On me demanda où je demeurais; il me fut impossible de le dire. Je demandai où j'étais; on me dit, à la Haute-Borne; c'était comme si l'on m'eût dit au mont Atlas. Il fallut demander successivement le pays, la ville et le quartier où je me trouvais. Encore cela ne put-il suffire pour me reconnaître; il me fallut tout le trajet de là jusqu'au boulevard pour me rappeler ma demeure et mon nom. Un monsieur que je ne connaissais pas et qui eut la charité de m'accompagner quelque temps, apprenant que je demeurais si loin, me conseilla de prendre au Temple un fiacre pour me conduire chez moi. Je marchais très bien, très légèrement, sans sentir ni douleur ni blessure, quoique je crachasse toujours beaucoup de sang. Mais j'avais un frisson glacial qui faisait claquer d'une façon très incommode mes dents fracassées. Arrivé au Temple, je pensai que puisque je marchais sans peine il valait mieux continuer ainsi ma route à pied que de m'exposer à périr de froid dans un fiacre. Je fis ainsi la demi lieue qu'il y a du Temple à la rue Plâtrière, marchant sans peine, évitant les embarras, les voitures, choisissant et suivant mon chemin tout aussi bien que j'aurais pu faire en pleine santé. J'arrive, j'ouvre le secret qu'on a fait mettre à la porte de la rue, je monte l'escalier dans l'obscurité, et j'entre enfin chez moi sans autre accident que ma chute et ses suites, dont je ne m'apercevais pas même encore alors.
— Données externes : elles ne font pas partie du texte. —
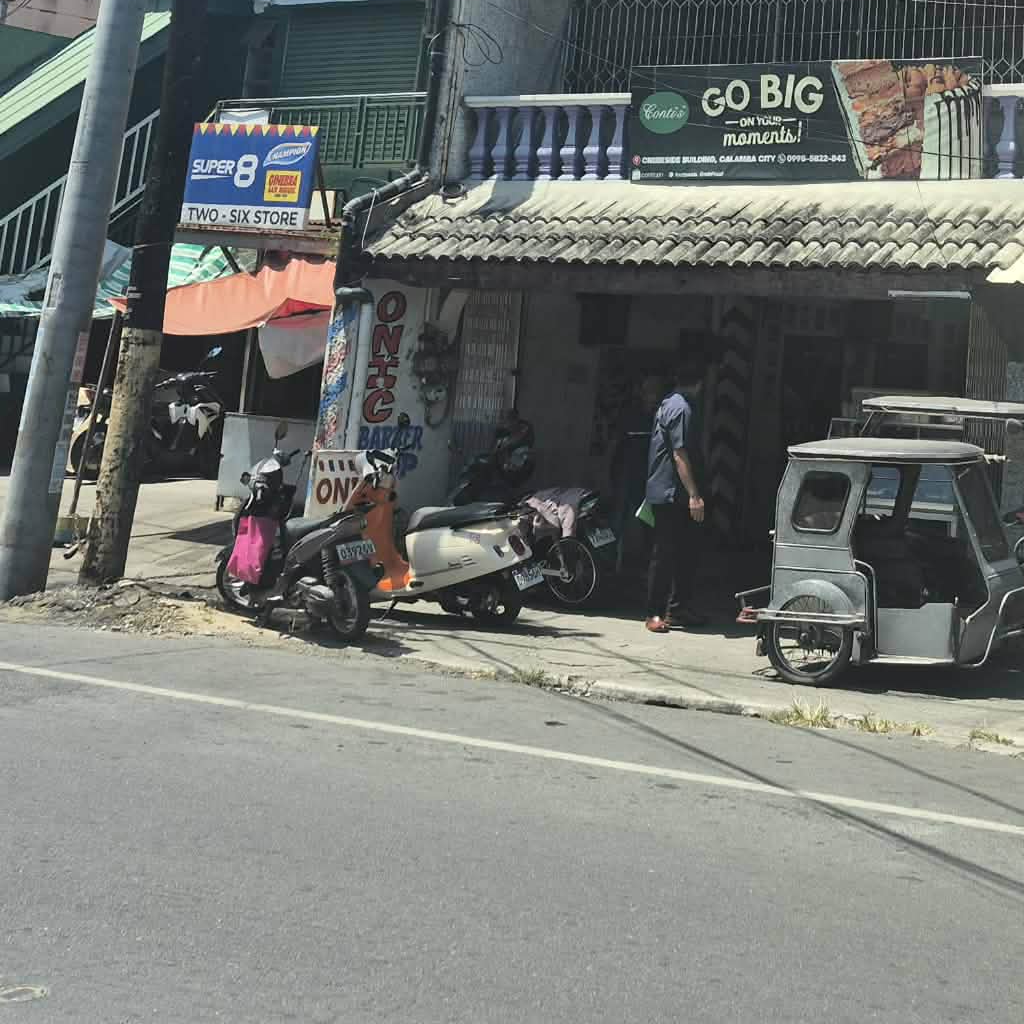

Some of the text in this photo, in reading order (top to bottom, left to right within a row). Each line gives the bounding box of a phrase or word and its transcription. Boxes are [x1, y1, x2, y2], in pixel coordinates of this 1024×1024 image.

Les cris de ma femme en me voyant me firent comprendre que j'étais plus maltraité que je ne pensais. Je passai la nuit sans connaître encore et sentir mon mal. Voici ce que je sentis et trouvai le lendemain. J'avais la lèvre supérieure fendue en dedans jusqu'au nez; en dehors la peau l'avait mieux garantie et empêchait la totale séparation; quatre dents enfoncées à la mâchoire supérieure, toute la partie du visage qui la couvre extrêmement enflée et meurtrie, le pouce droit foulé et très gros, le pouce gauche grièvement blessé, le bras gauche foulé, le genou gauche aussi très enflé et qu'une contusion forte et douloureuse empêchait totalement de plier. Mais avec tout ce fracas rien de brisé, pas même une dent, bonheur qui tient du prodige dans une chute comme celle-là.
Voilà très fidèlement l'histoire de mon accident."
J.J. Rousseau, Les rêveries du promeneur solitaire, Seconde promenade, 1782 (posthume)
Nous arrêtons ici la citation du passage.